A slight breeze drifted off the ocean and whispered across the beach. Jennifer closed her eyes and sighed. The air tasted of salt. It reminded her of summer vacations spent at Ocean City, Maryland, when she was a child— playing in the sand, swimming in the ocean, exploring the boardwalk, feeding quarters into the skee ball machines and video games at the arcade, riding the roller coaster and screaming all the way through the haunted house ride. Smiling, she kept her eyes closed and breathed deep. For a moment, she could also smell those times—suntan oil and seaweed, cotton candy and saltwater taffy, Bricker’s French fries and Italian sausage subs.
She missed those times. Life had been a lot simpler back then.
Gulls circled and shrieked overhead, fighting with one another.
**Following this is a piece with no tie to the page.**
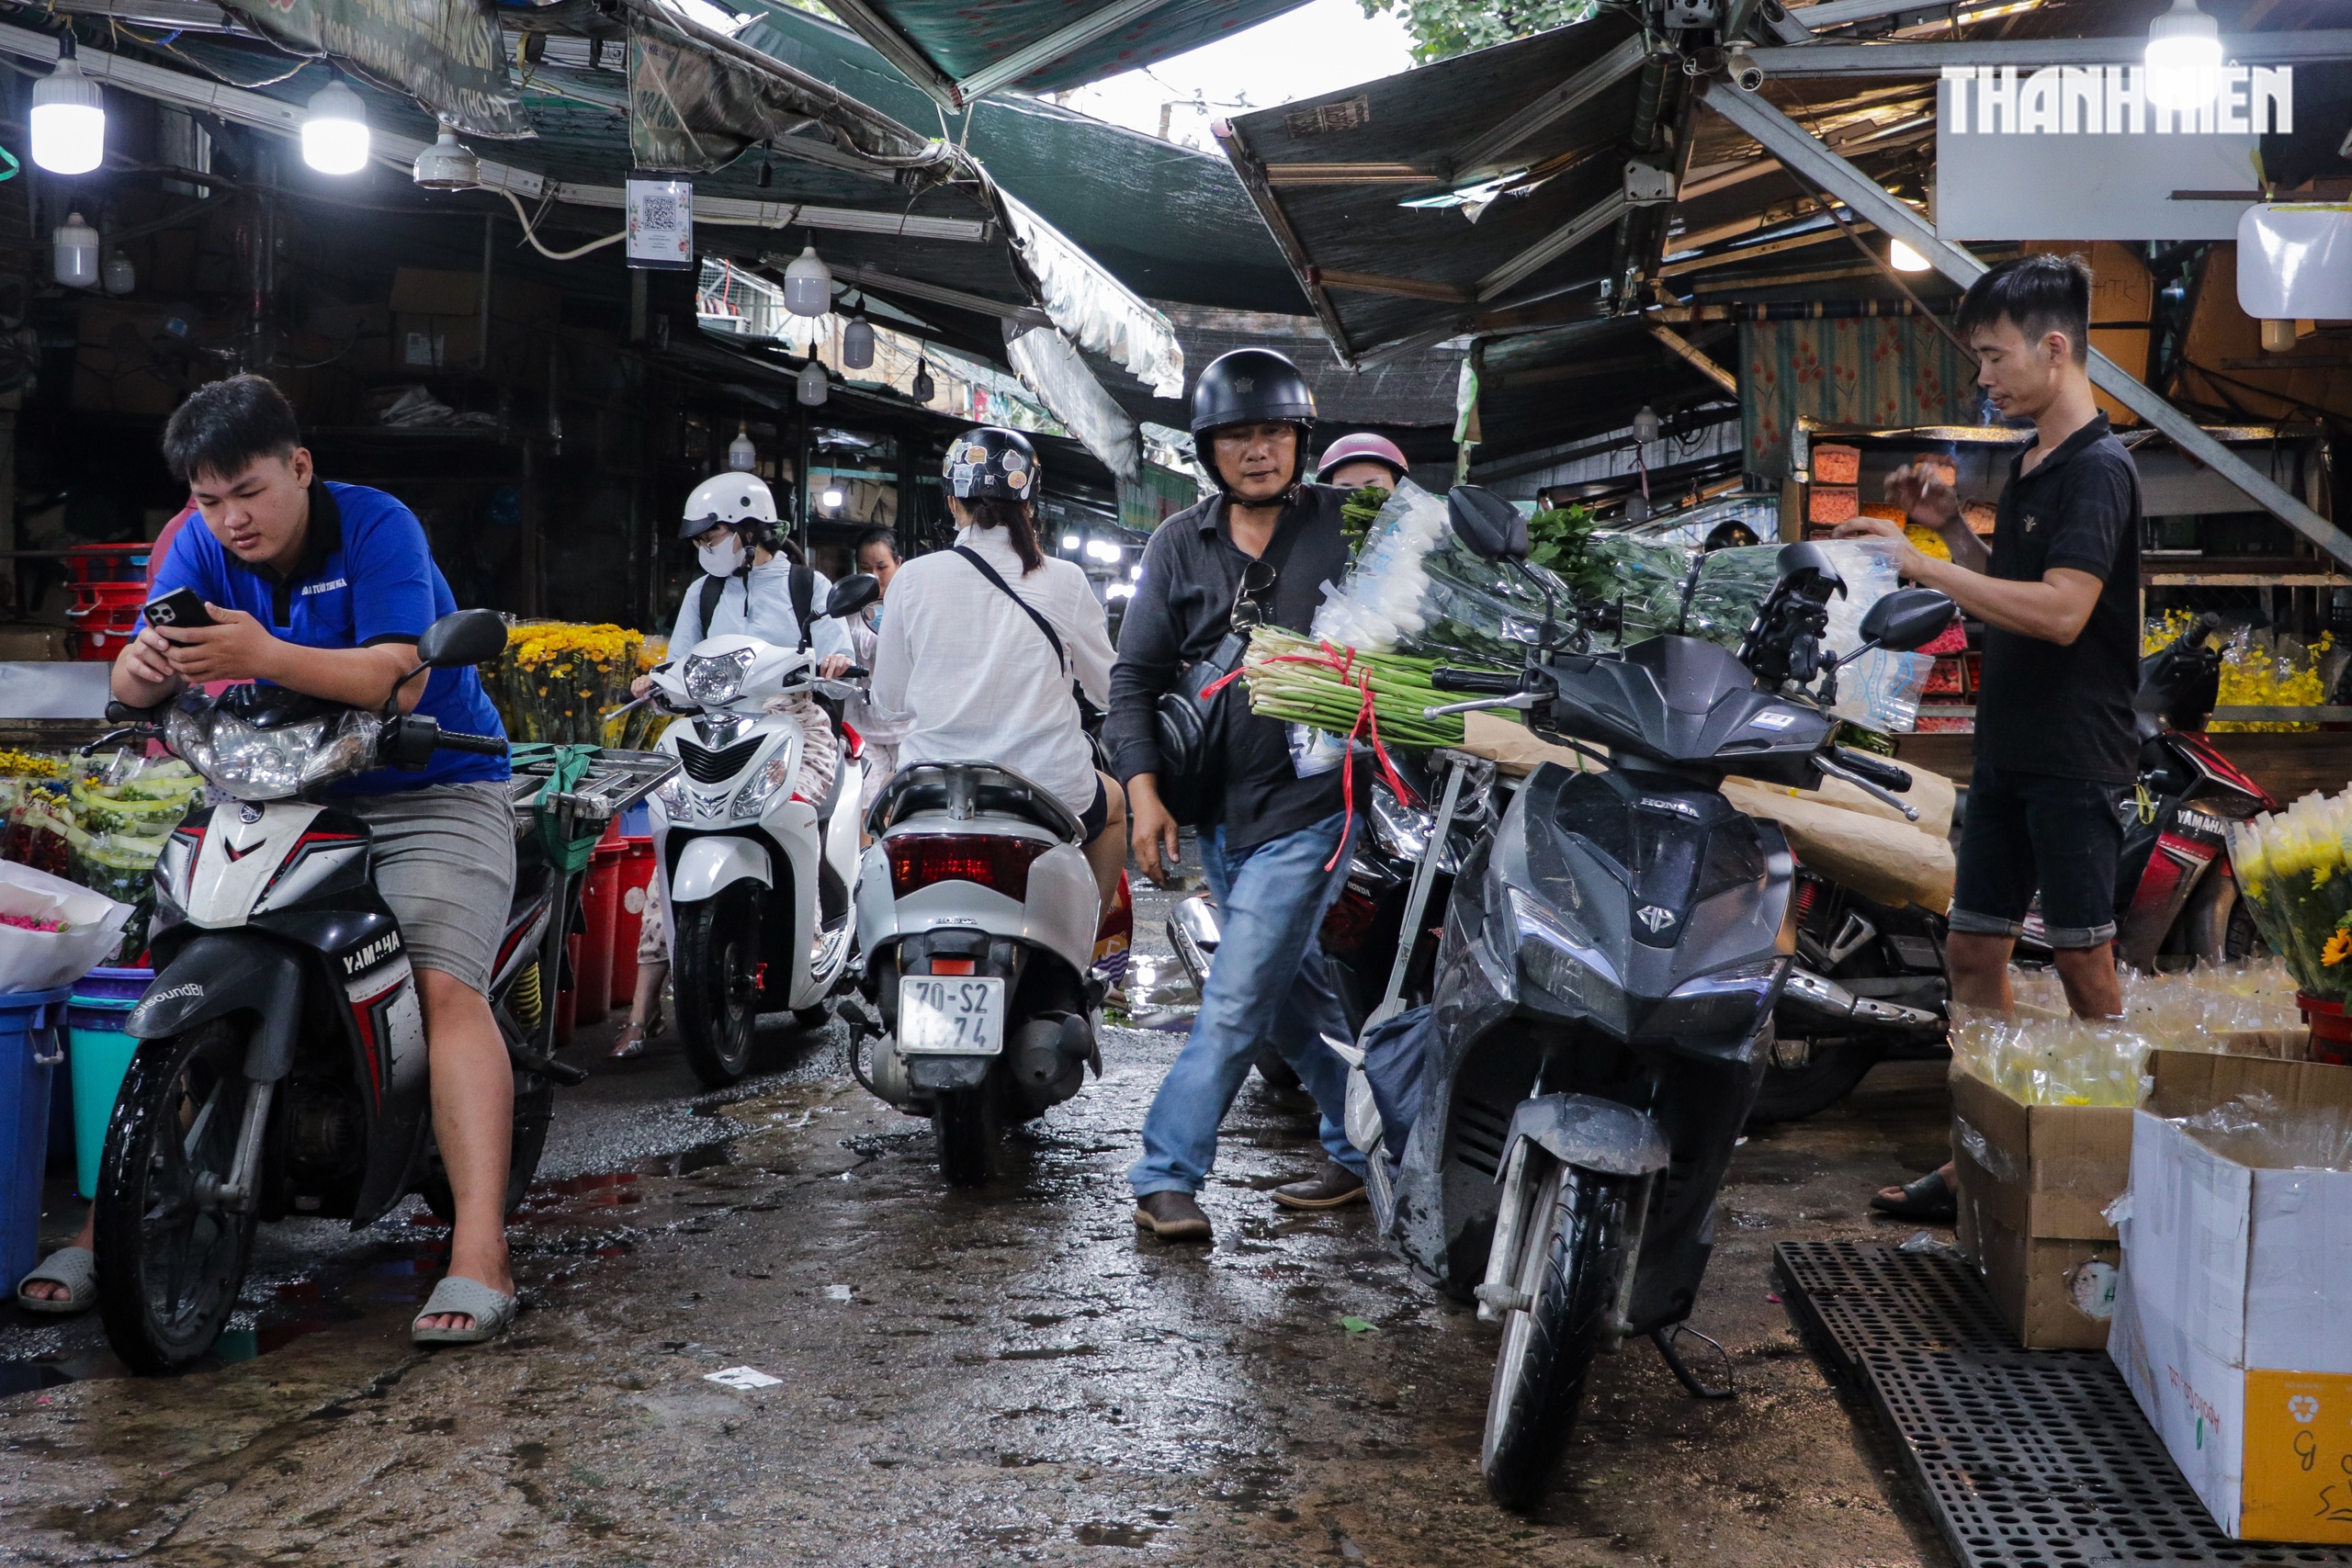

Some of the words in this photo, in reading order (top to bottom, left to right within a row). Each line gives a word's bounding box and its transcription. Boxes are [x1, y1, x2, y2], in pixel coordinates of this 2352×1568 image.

[1640, 797, 1700, 818] HONDA
[1347, 881, 1372, 897] HONDA
[343, 930, 401, 975] YAMAHA
[915, 982, 989, 1014] 70-S2
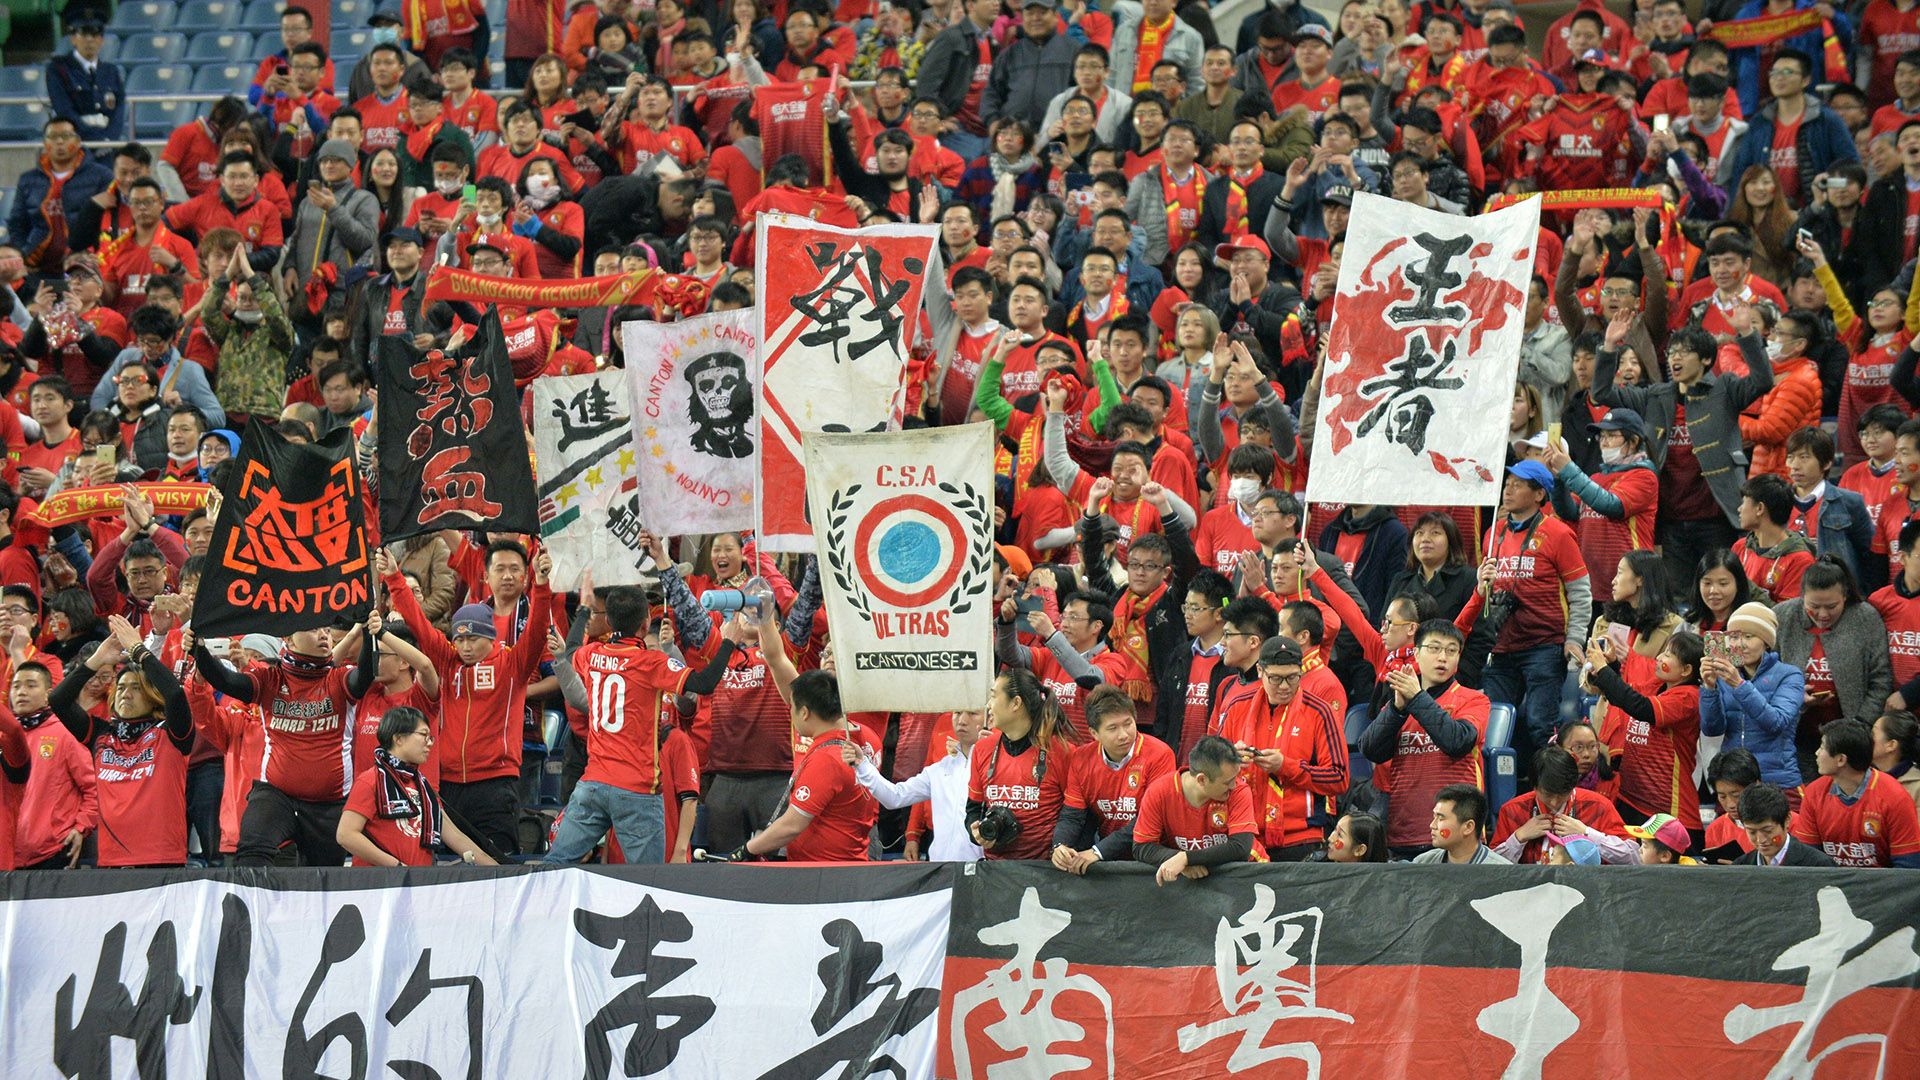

Annoyed, Jennifer opened her eyes and glared at them. A few stars were already visible in the murky blue-black sky, but the sun hovered on the edge of the horizon, slowly sinking into the sea in a haze of red and orange and yellow. The waves rolled steadily onto the beach, their lulling roar comforting and serene.
This was her favorite time of day—this quiet moment of reflective solitude. No work. No arguing on the phone with the backers in the States. No mediating the petty squabbles among the junior researchers. No politics. No scientific method.
And no thoughts of before…
The sand was still hot from the day, and the ocean breeze was warm, but despite them both, Jennifer shivered.
Damn it, I’m not going to think about it. This is my happy place. This is my personal time. I don’t think about it during the day because I keep myself busy. But I’m not going to let it intrude on my relaxation time. Not here. Not now.
As if Mother Nature were mocking her conviction, another crab scuttled along the sand toward her. Jennifer scooped up a handful of sand and tossed it at the tiny creature.
“Get out of here. Scat!”
The crab fled. The sun sank lower. The birds continued the frenzied circling. Jennifer began to tremble. She bit her lip and vowed not to cry, but then the tears came anyway— hot tears full of anger and fear and guilt and shame. And then, despite her best efforts, the memories returned to haunt her happy place.
The
Homarus Tyrannous
(often mistaken for the
Megarachne Servinei,
and more popularly known as Clickers, which was the name the media had given them) invasion of the entire Eastern seaboard of the United States. How the bizarre, crab-scorpion monstrosities had decimated cities and small coastal communities from Maine all the way to Florida. How it turned out that the creatures had been driven ashore as foot soldiers by a second group of aquatic life forms—
Draco Acerbus
, a race of intelligent, amphibious, lizard-like beings collectively known as the Dark Ones. How she and her boss, Richard Linnenberg, Director of Baltimore’s National Aquarium, had almost been killed when the Clickers invaded the aquarium. How they’d barely managed to escape. Their rescue at the hands of US Army colonel Augustus Livingston. Fleeing inland as both the Clickers and a Category Five hurricane snapped at their heels. Ultimately taking shelter in a nuclear power plant on the borders of Maryland and Pennsylvania, along with other refugees from the disaster—best-selling horror novelist Rick Sycheck and the handsome but mysterious Tony Genova. How the group had made their last stand, while the Clickers and their masters ravaged the United States. How in the
aftermath, Colonel Livingston pulled a coup against President Jeffrey Tyler, who had gone completely insane during the invasion, and refused to step down. And then, the aftermath.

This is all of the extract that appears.